L'UE peut également imposer des sanctions aux États membres qui ne respectent pas la législation européenne en matière de drogue, principalement sous forme de sanctions financières. Attirer les non-européens menaces des réseaux criminels mondiaux et du trafic de drogue, inextricablement liée aux préoccupations xénophobes, est également un outil couramment utilisé pour encourager une plus grande coopération. En fin de compte, l'UE encourage le respect, la coopération et le dialogue par le biais de réunions régulières entre décideurs politiques, ainsi que par le partage d'informations et de ressources.

 

Orientations futures en matière de drogues dans l’UE, y compris la stratégie antidrogue de l’UE 2021-2025

L’avenir de la politique européenne en matière de drogue, tel que décrit dans le Stratégie antidrogue de l'UE 2021-2025, adopte une approche équilibrée du problème de la drogue, en se concentrant sur la prévention, le traitement et la répression. Il reconnaît également la nécessité de s’attaquer aux facteurs sociaux et économiques sous-jacents qui contribuent à la consommation de drogues.

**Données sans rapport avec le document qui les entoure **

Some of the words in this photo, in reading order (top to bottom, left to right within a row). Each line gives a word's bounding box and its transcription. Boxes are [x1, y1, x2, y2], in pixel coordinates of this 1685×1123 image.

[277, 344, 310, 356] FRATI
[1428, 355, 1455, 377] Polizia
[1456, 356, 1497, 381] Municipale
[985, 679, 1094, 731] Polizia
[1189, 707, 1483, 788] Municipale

La stratégie définit des objectifs spécifiques, tels que :

  • Renforcer la sécurité réduire l’offre de drogues et lutter contre les groupes criminels organisés, le trafic et les marchés illicites.
  • Réduire les niveaux de violence en utilisant les forces de l’ordre et les renseignements, en améliorant l’analyse des risques douaniers et en renforçant le contrôle aux frontières.
  • Élaborer un programme complet de médicaments qui promeut le bien-être, en particulier chez les jeunes, en retardant, en prévenant, en traitant la consommation de drogues avec des stratégies fondées sur des données probantes, notamment des interventions familiales, en luttant contre les méfaits des drogues par le biais de programmes de dépistage et de seringues, et en mettant en œuvre une consommation supervisée.
  • Améliorer la coopération internationale y compris les gouvernements, les organisations non gouvernementales (ONG) et le secteur privé, promouvant la recherche et l'innovation.

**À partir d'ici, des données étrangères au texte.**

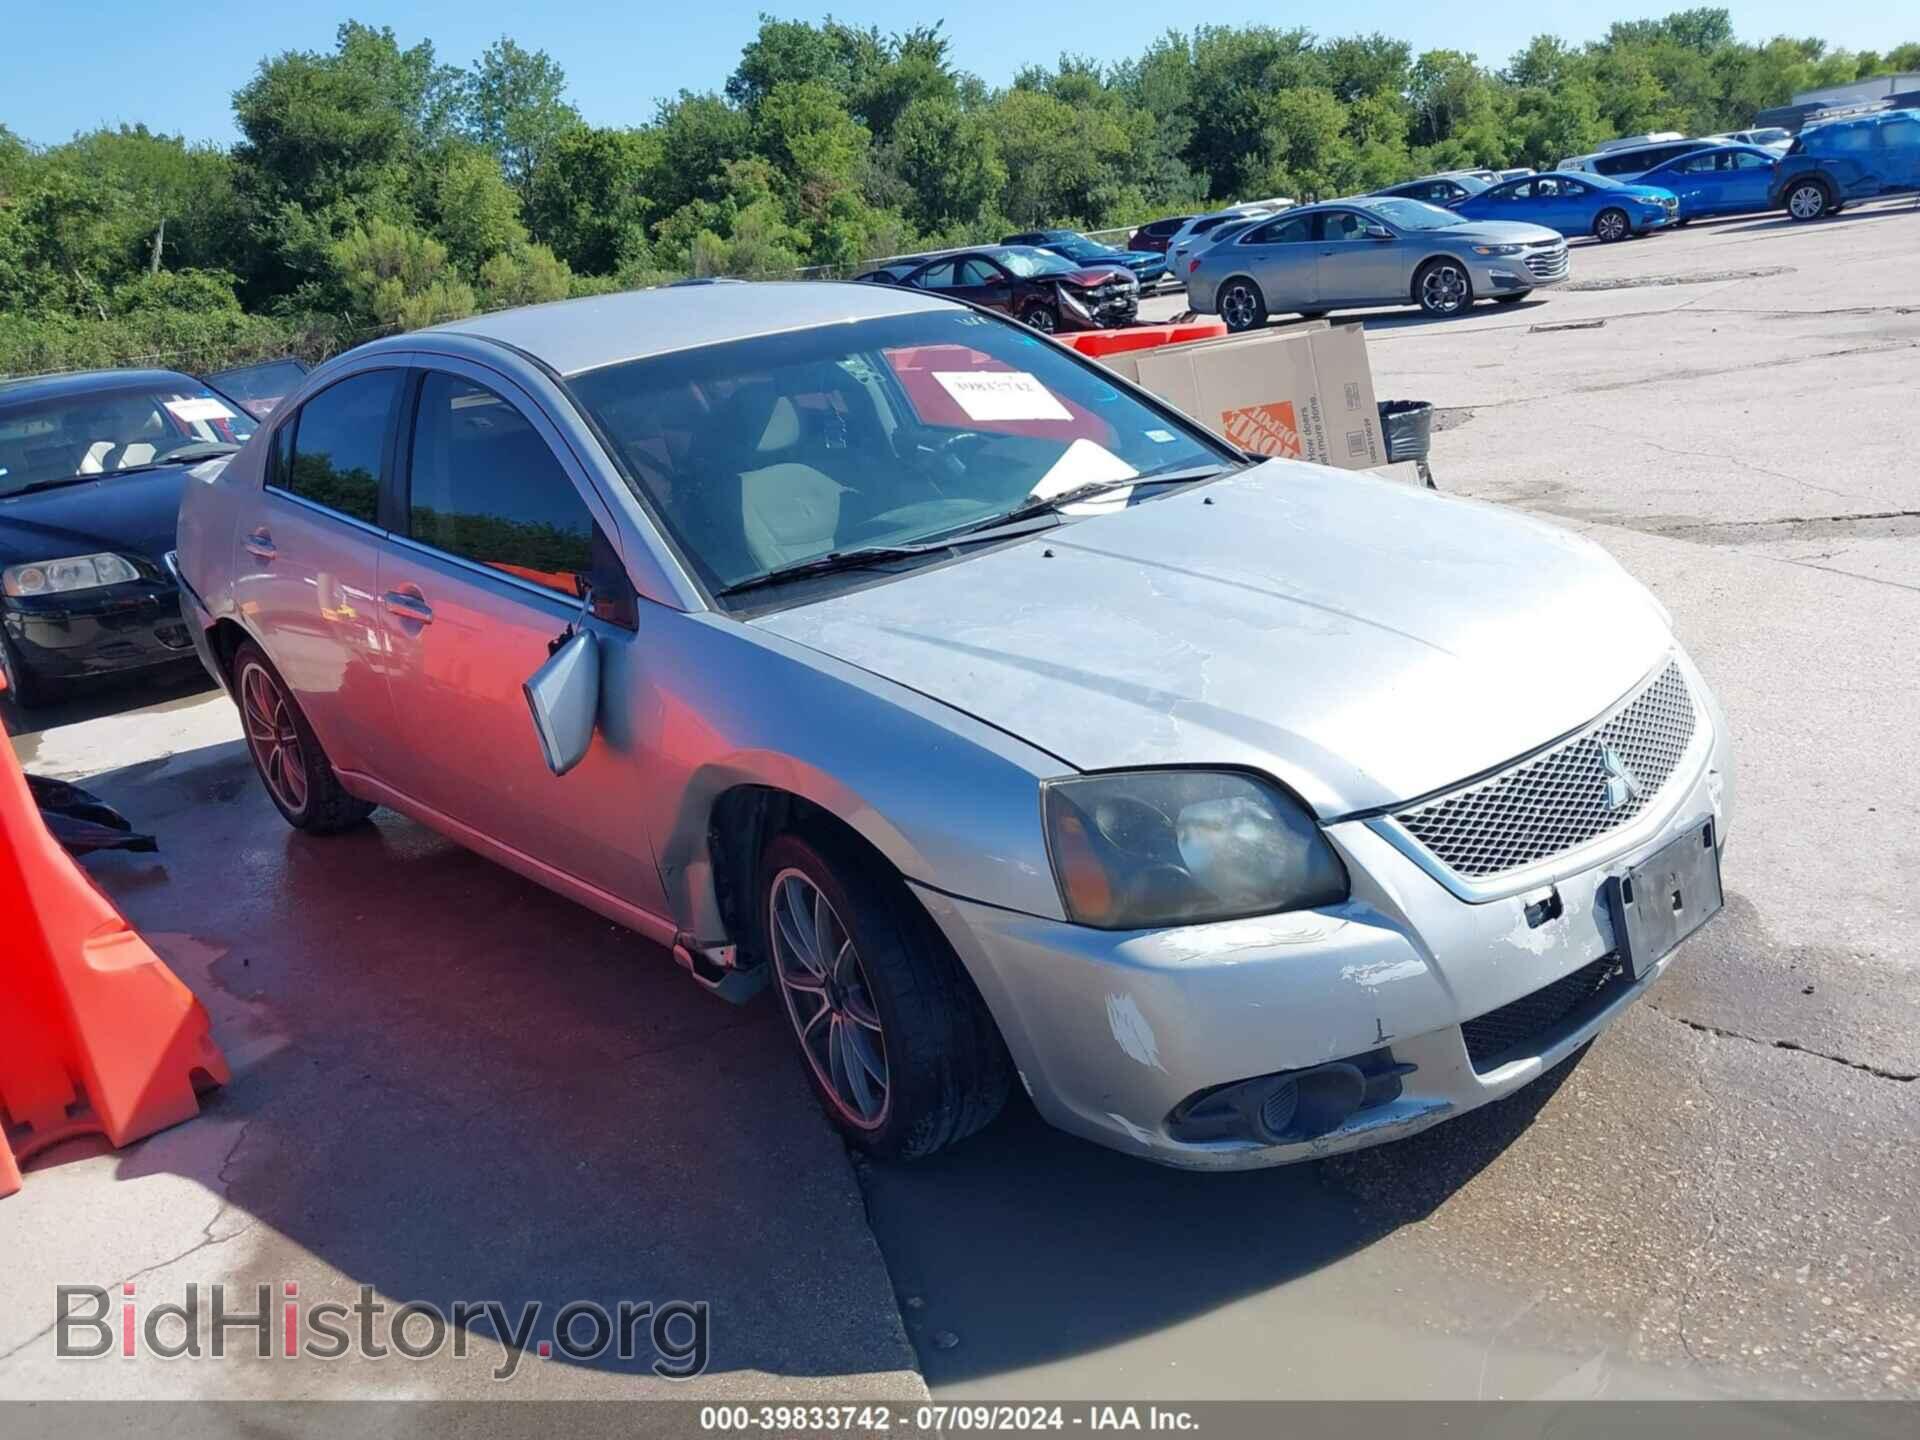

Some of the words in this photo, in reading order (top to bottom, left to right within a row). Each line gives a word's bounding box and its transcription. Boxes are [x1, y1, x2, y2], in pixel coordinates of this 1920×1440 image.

[1301, 407, 1312, 436] doers
[1309, 392, 1321, 423] done.
[1249, 407, 1297, 442] DEPOT
[1315, 424, 1325, 450] more
[1306, 438, 1316, 460] How

Une coordination plus étroite sera toujours un sujet de discussion pour l’élaboration de la politique européenne en matière de drogue. Comme le chercheur Eamon Doherty a commenté : « [le problème de la drogue] est une question sur laquelle nous devons tous coopérer efficacement ou en assumer les conséquences ». Si une plus grande coopération internationale renforcerait non seulement la frontière européenne et les mesures punitives associées, elle pourrait également améliorer l’échange de pratiques de réduction des risques et soutenir les initiatives locales avec des fonds européens.

L’évolution de la politique européenne en matière de drogue met en évidence l’équilibre délicat entre l’influence, la reconnaissance des forces du marché mondial de la drogue et la nécessité de respecter la souveraineté nationale des États membres. Alors que les États membres restent les décideurs centraux en matière de politique nationale en matière de drogue, l’UE exerce une influence considérable par le biais de l’établissement de normes, d’incitations financières et d’autres formes de soft power.

La transformation prochaine de l’EMCDDA en EUDA pourrait constituer une mesure importante visant à accroître davantage l’influence de l’UE dans l’élaboration des politiques en matière de drogue. Il s’agit peut-être d’une arme à double tranchant : pour les pays dotés de politiques plus répressives en matière de drogues, des interventions de réduction des risques pourraient trouver leur place. De la même manière, les pays dotés de systèmes de contrôle des drogues plus libéraux pourraient devoir tempérer leurs approches innovantes pour se conformer aux normes européennes modérées. Alors que l'Europe s'oriente vers une approche titrisée à la politique en matière de drogues, cette dernière pourrait devenir de plus en plus courante.

Une plus grande intégration pourrait créer une opportunité pour que les interventions de santé publique fondées sur des données probantes soient prises au sérieux, dans la mesure où elles abordent bon nombre des problèmes socio-économiques sous-jacents à la consommation problématique de drogues. L’accent mis sur les thèmes des droits de l’homme et de l’inclusion sociale dans la dernière stratégie antidrogue de l’UE laisse espérer des réformes positives et, espérons-le, une voie vers davantage de réduction des risques plutôt que de criminalisation.